AI Art But Is It Really Art

AI-generated art has come a long way from being gawky to gorgeous. Type in a few words, let machine learning do its thing and presto! You’ve created a work of art.

Whether it’s amazingly lifelike, otherworldly, surreal, or dystopian, AI art has exploded across social media and the art world, thanks to platforms such as DALL-E, Midjourney, Stable Diffusion, and Night Cafe. But this advanced technology is also raising tricky questions about copyright and ethics. Plus, it’s reigniting the age-old debate about “real” art. In this article, learn how the tech works and why AI art is sparking both fascination and anxiety. What does AI art mean for human creativity and artists?

From text to image: how AI art happens

Before we dive into the moral dilemmas and heated debates surrounding AI art, here’s a very simple explanation of how it works. Billions of images are scraped from the Internet, along with their text descriptions. The AI model is trained on these huge datasets of images and text. Guided by the user’s text prompt, the program scours through the data set to produce a brand-new image. The more people use the program, the more the AI program can learn and improve.

So, you can type something like “three bears dancing across the night sky, as an oil painting” or “impressionism, lovers in the city” and the program will churn out an image. You could add words related to a particular artistic style, give specific colors, or indicate a particular setting. The power is in the prompt: being clear about the type of artwork you want to produce and describing the subject or scene, as well as any lighting, detail, and historical art styles.
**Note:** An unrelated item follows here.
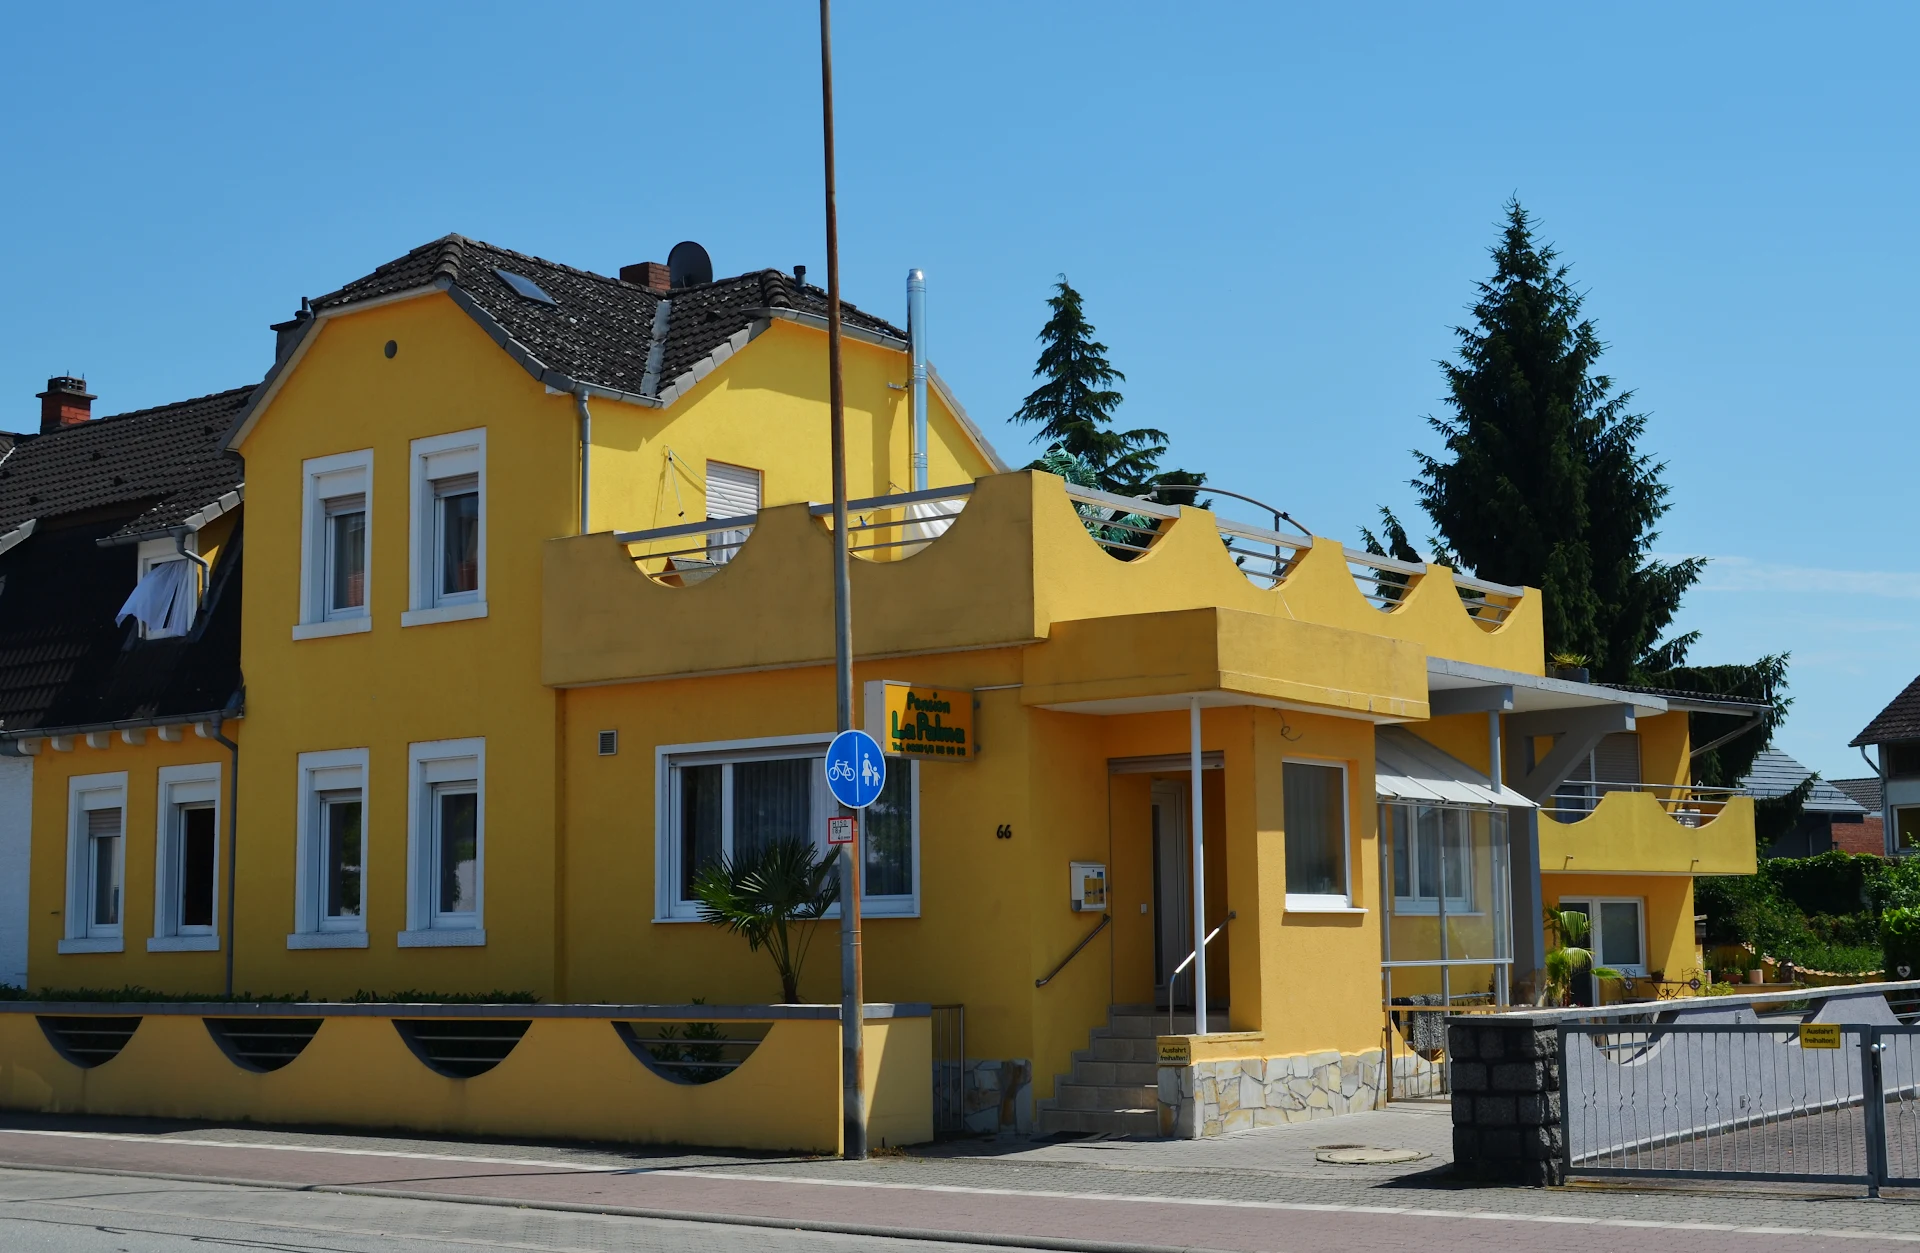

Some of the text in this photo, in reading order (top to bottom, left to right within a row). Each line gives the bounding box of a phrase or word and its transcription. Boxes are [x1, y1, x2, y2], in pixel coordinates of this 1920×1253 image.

[907, 691, 950, 714] Pension
[892, 710, 965, 744] La Palma
[891, 741, 905, 752] Tel.
[996, 824, 1012, 839] 66
The power of (and the problem with) datasets and prompts

“Prompting is not a silver bullet that trivializes artistic creation,” wrote Raphaël Millière, a presidential scholar in society and neuroscience at Columbia University, with a Ph.D. in philosophy from the University of Oxford, in a recent article for Wired. “It is more akin to a new kind of creative skill.”

“In addition to having a unique vision for the final products, one must get a feel for the right combination of magic words that will unlock specific styles or subjects with any given algorithm,” shared Millière.

But what if you’d rather go straight to the point—or an artist whose creative work is part of the AI model’s dataset?

For Polish digital artist Greg Rutkowski, that’s happened around 93,000 times in one text-to-image generator. That’s way more than Pablo Picasso, Michelangelo, and Leonardo da Vinci, who starred in around 2,000 prompts each or less. It’s reached the point that an online search revealed artwork attached to his name but Rutkowski had not created it.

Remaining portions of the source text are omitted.